BEGIN Exercise material

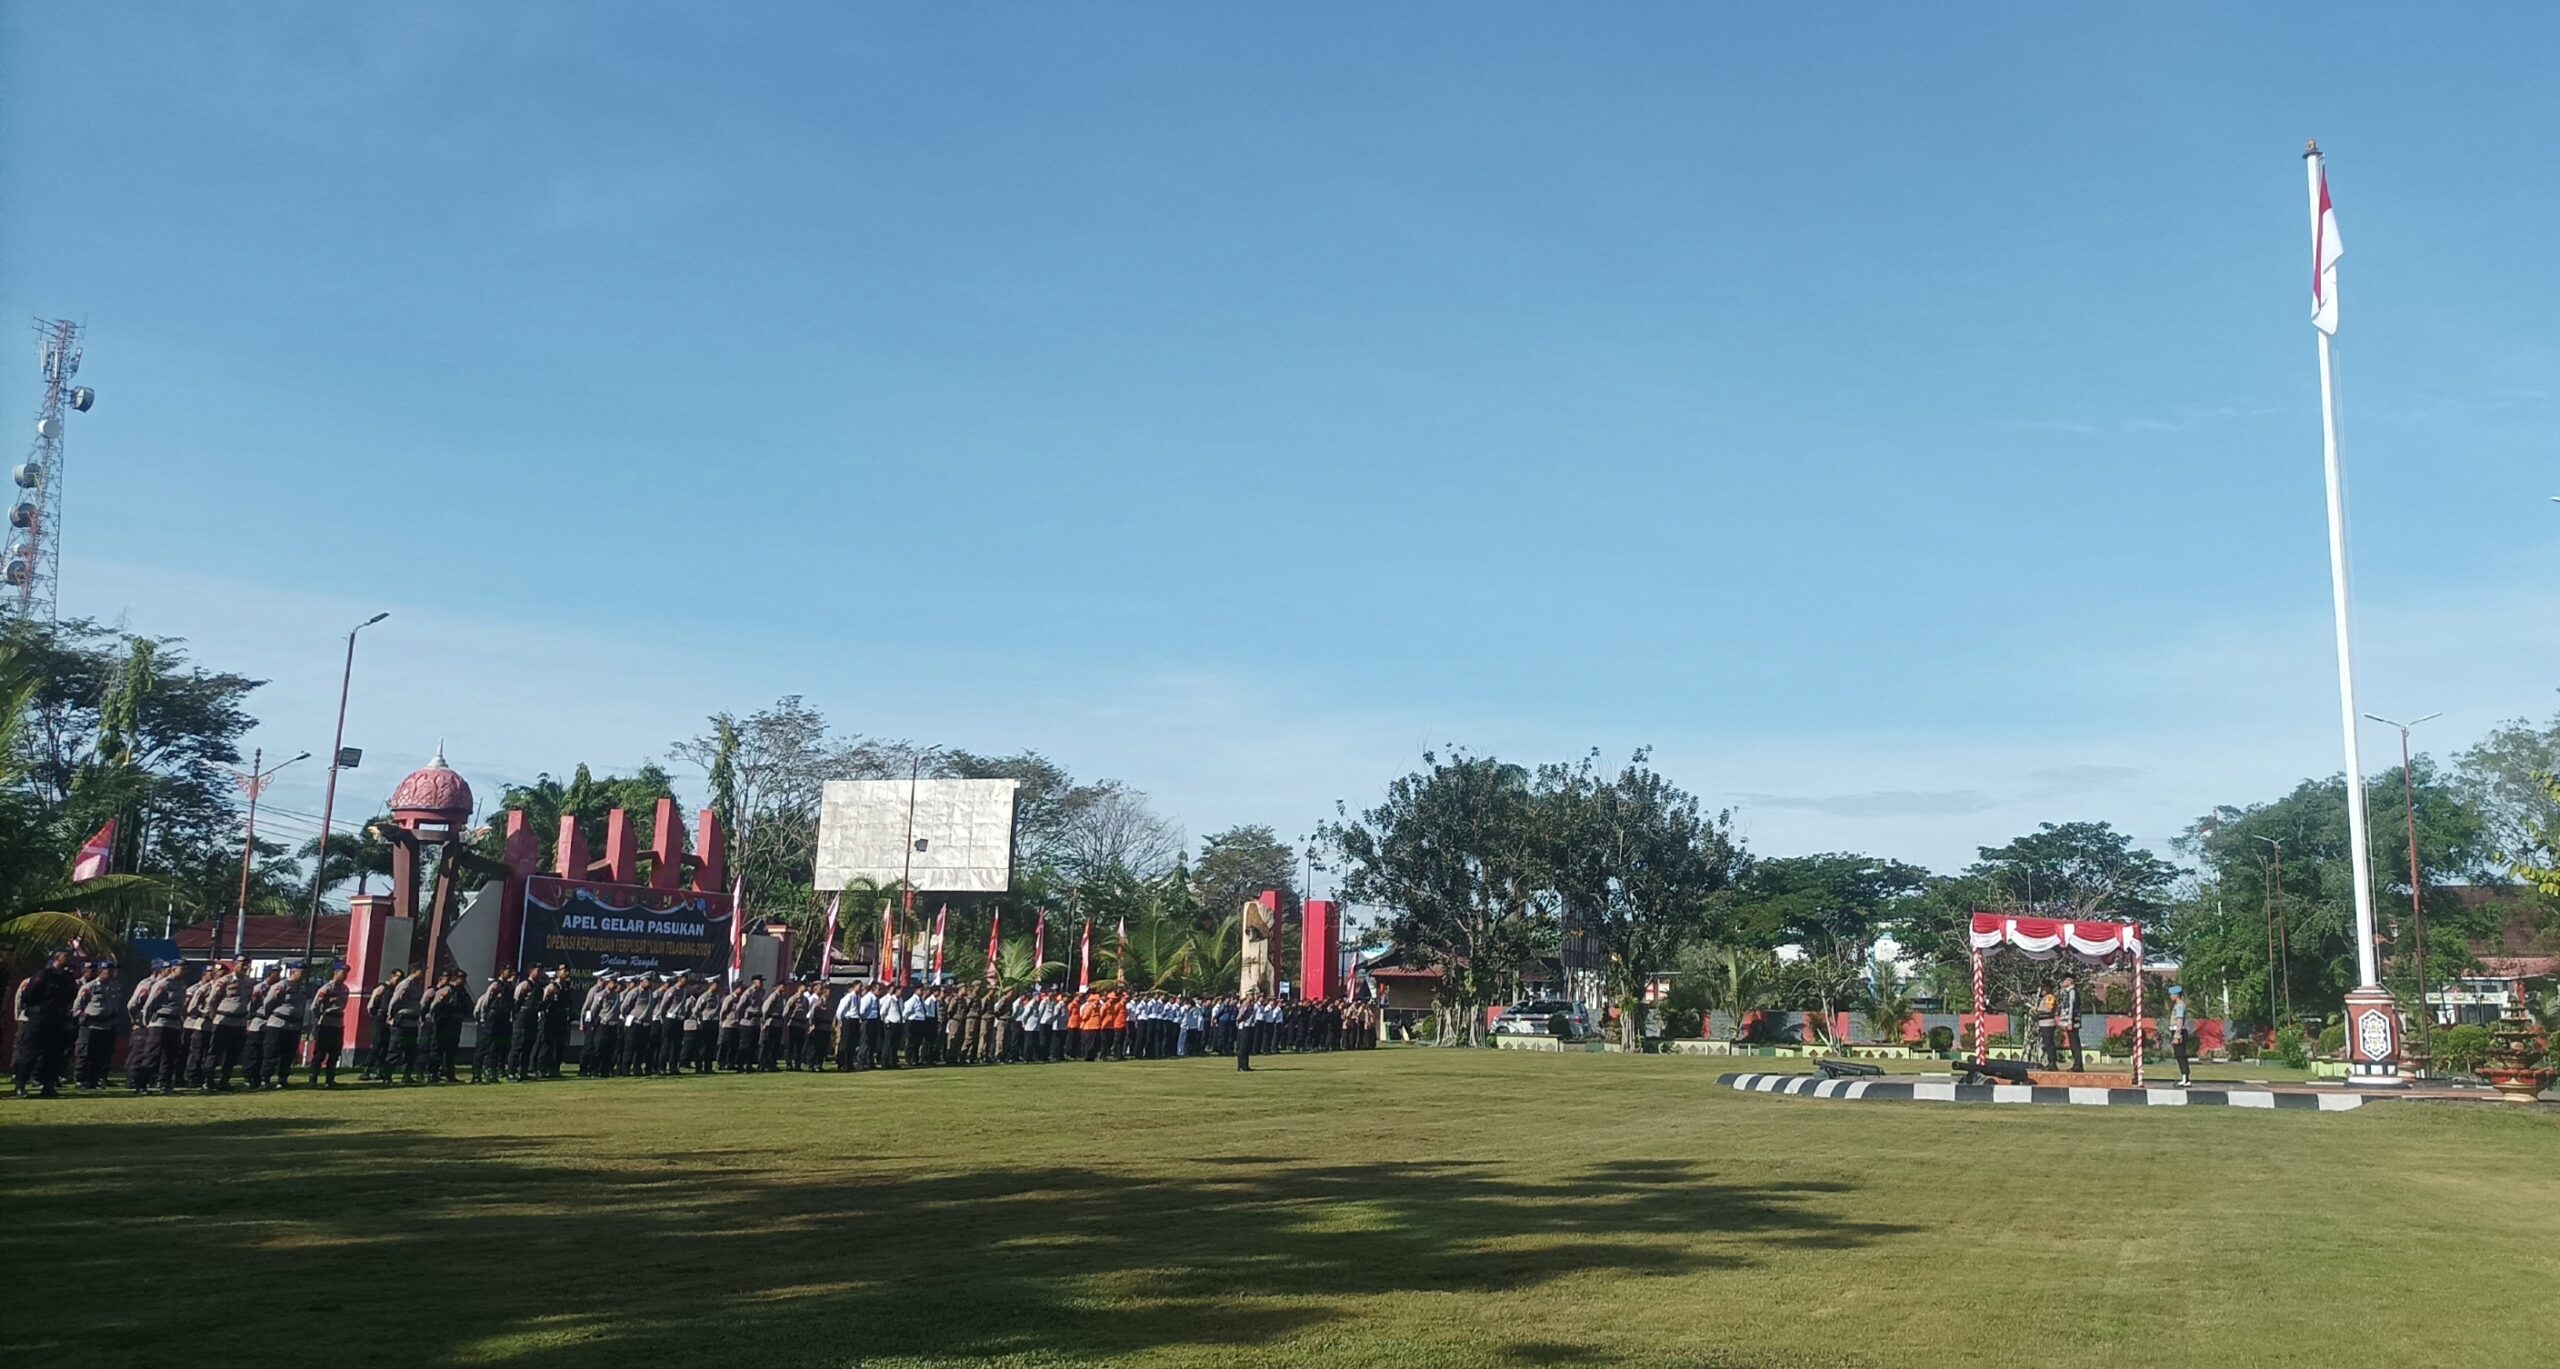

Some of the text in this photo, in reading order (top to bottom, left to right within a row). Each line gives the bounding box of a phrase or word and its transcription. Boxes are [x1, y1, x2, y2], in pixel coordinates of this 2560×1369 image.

[562, 914, 705, 937] APEL GELAR PASUKAN
[546, 934, 576, 950] OPERASI
[576, 936, 614, 952] KEPOLISIAN
[616, 938, 647, 954] TERPUSAT
[600, 954, 659, 969] Dalam Rangka
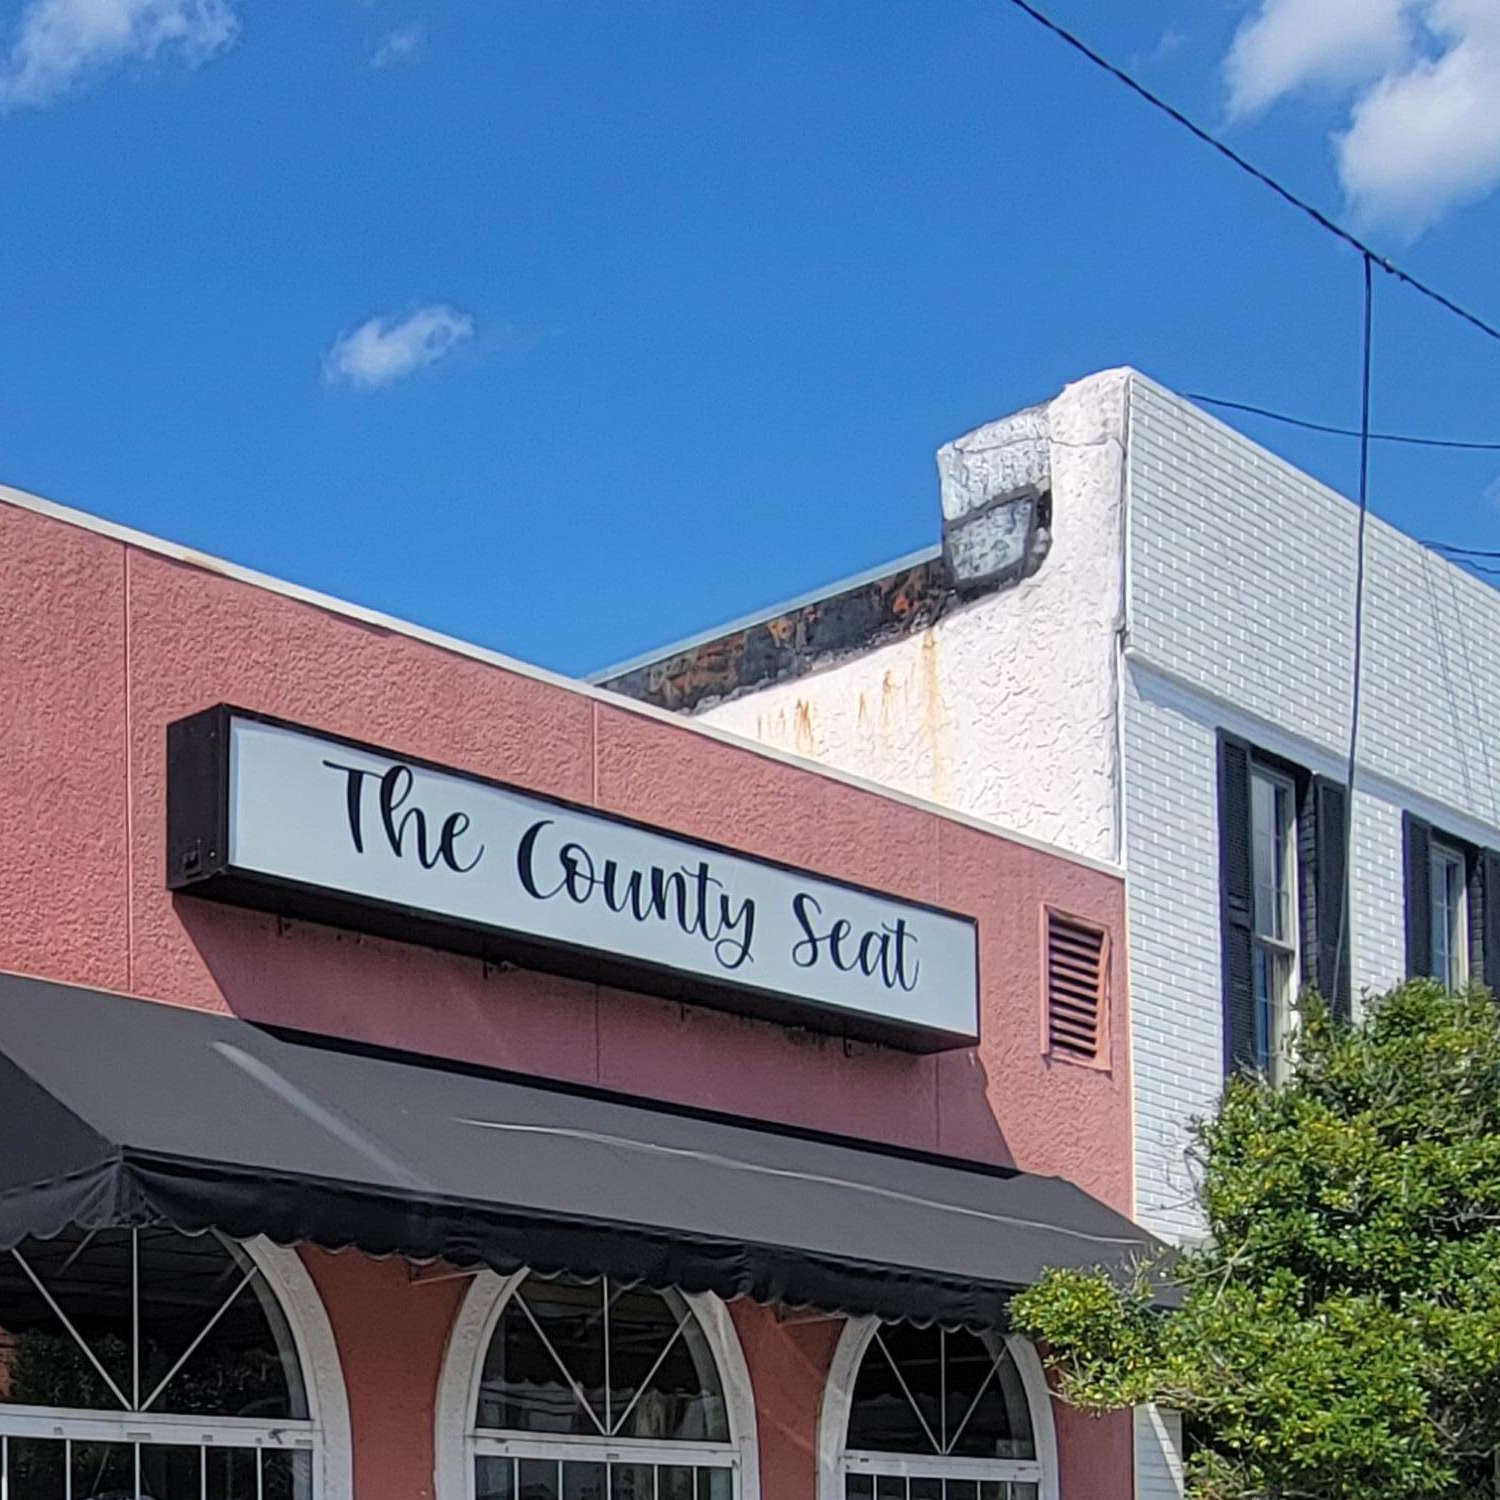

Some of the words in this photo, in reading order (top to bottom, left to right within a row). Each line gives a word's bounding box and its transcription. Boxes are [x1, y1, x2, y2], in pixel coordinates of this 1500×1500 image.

[322, 758, 485, 874] The
[516, 820, 755, 969] County
[792, 892, 920, 992] Seat

END Exercise material

** What the task asks **
Pictures must not appear in the copy, and every record must be restated word for word.

** Answer below **
Some of the text in this photo, in reading order (top to bottom, left to right within a row). Each line gives the bounding box of a phrase or word and its transcription. Boxes are [x1, y1, x2, y2], in pixel coordinates of this 2560×1369 image.

[562, 914, 705, 937] APEL GELAR PASUKAN
[546, 934, 576, 950] OPERASI
[576, 936, 614, 952] KEPOLISIAN
[616, 938, 647, 954] TERPUSAT
[600, 954, 659, 969] Dalam Rangka

Some of the words in this photo, in reading order (top to bottom, left to right within a row). Each line gives a word's bounding box and its transcription. Boxes are [x1, y1, x2, y2], in pixel coordinates of this 1500×1500 image.

[322, 758, 485, 874] The
[516, 820, 755, 969] County
[792, 892, 920, 992] Seat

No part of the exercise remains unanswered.